3. Jika selembar saham dimiliki seseorang sampai meninggal sama sekali tidak ada pajak
keuntungan modal yang terutang, ahli waris yang menerima saham itu dapat
menggunakan nilai saham pada hari kematian sebagai dasar biaya mereka, dengan
demikian mereka terhindar dari pajak keuntungan modal.
Karena adanya keuntungan keuntungan pajak ini, para investor mungkin lebih suka perusahaan
menahan sebagian besar laba perusahaan. Jika demikian maka para investor akan mau
membayar lebih tinggi untuk perusahaan yang pembagian dividennya rendah daripada
perusahaan sejenis yang pembagian dividennya tinggi.
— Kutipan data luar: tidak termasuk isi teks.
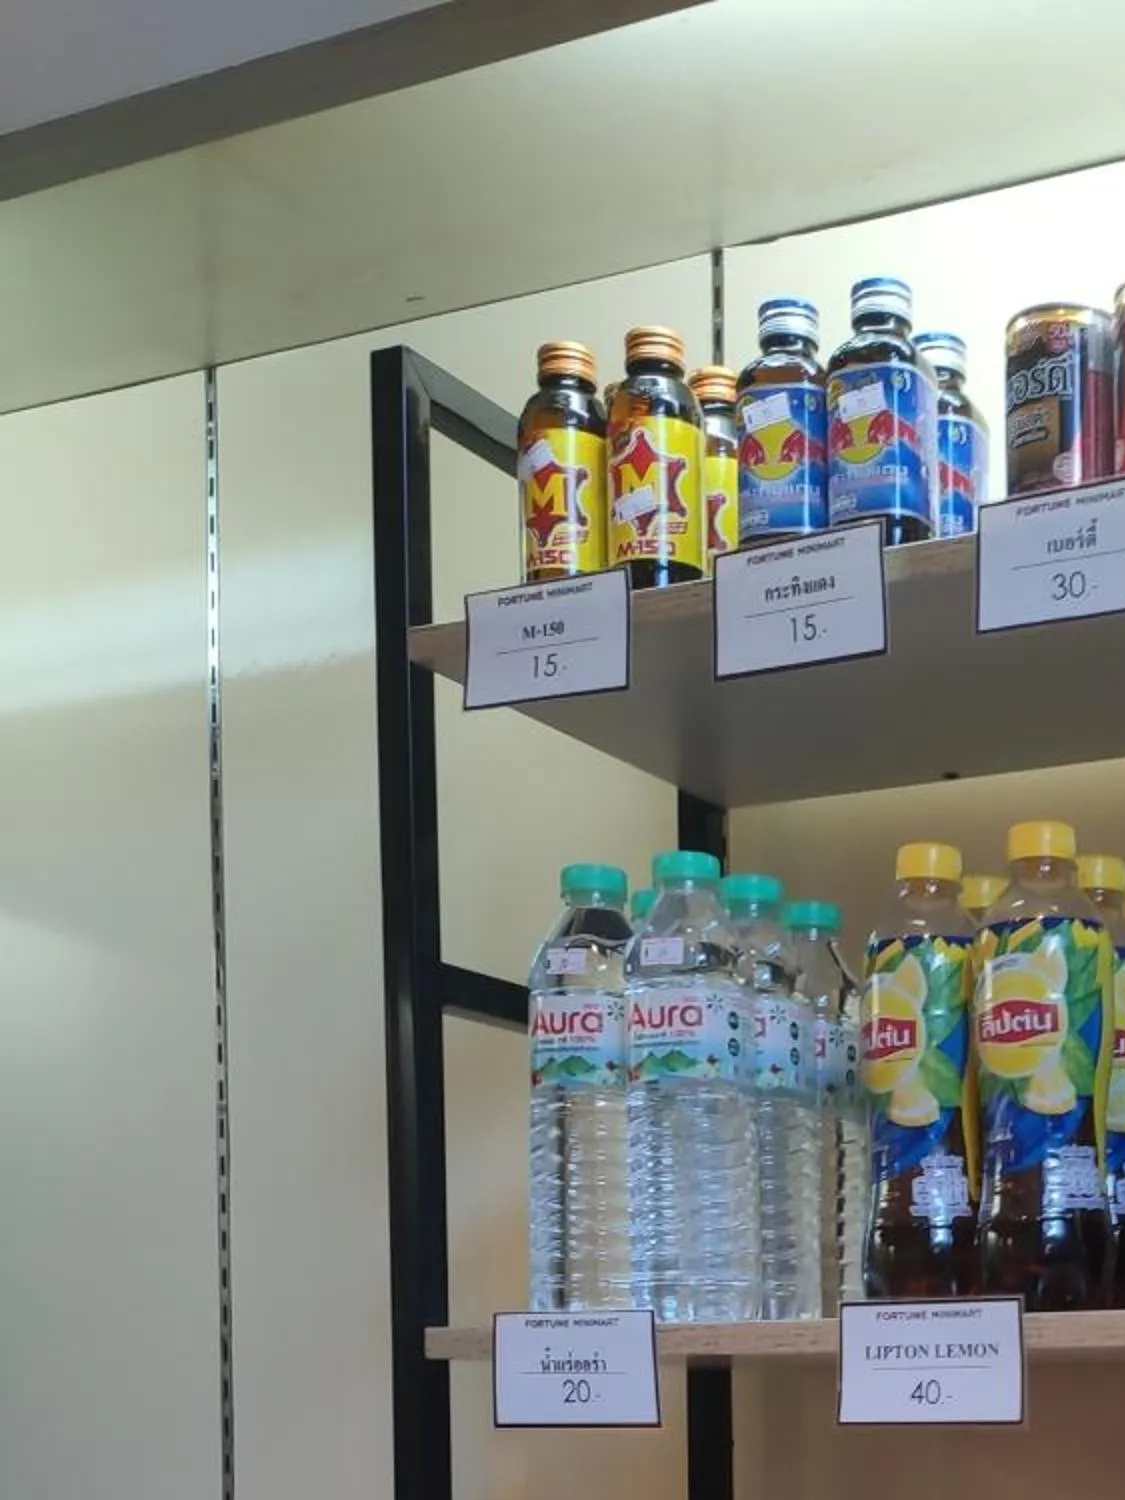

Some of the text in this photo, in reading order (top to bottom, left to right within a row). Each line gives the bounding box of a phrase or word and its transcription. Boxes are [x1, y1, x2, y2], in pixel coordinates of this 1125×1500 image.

Selain itu, dengan menjual saham untuk merealisir keuntungan modal, pemodal membayar
biaya transaksi tertentu dan (seharusnya) membayar pajak. Tetapi dengan menerima dividen
(tidak perlu membayar biaya transaksi), pemodal justru hanya membayar pajak. Hal ini dapat
menyebabkan pajak atas keuntungan modallebih kecil dari dividen (Husnan dan Pudjiastuti,
2004).
Terdapat dua sumber pendanaan eksternal yaitu investor ekuitas (disebut juga pemilik
atau pemegang saham) dan kreditor (pemberi pinjaman). Investor ekuitas merupakan sumber
utama pendanaan. Investor menyediakan pendanaan dengan harapan untuk
mendapatkan pengembalian atas investasi mereka. Setelah mempertimbangkan pengembalian
yang diharapkan (expected return) dan resiko pengembalian adalah bagian investor ekuitas atas
laba perusahaan dalam bentuk distribusi laba atau reinvestasi laba. Distribusi laba adalah
pembayaran dividen kepada pemegang saham. Dividen dapat dibayar langsung dalam bentuk
tunai atau deviden saham, atau secara tidak langsung melalui pembelian kembali saham.
Pembayaran dividen mengacu pada proporsi laba yang didistribusikan, yang sering
dinyatakan dalam ratio atau presentase yaitu ratio, pembayaran dividen reinvestasi laba atau laba
ditahan mengacu pada penahanan laba dalam perusahaan untuk digunakan dalam bisinis
perusahaan: yang disebut pula pendanaan internal. Reinvestasi laba sering diukur dengan ratio
penahanan. Reinvestasi laba juga diukur dengan pertumbuhan ekuitas. Earning retention ratio.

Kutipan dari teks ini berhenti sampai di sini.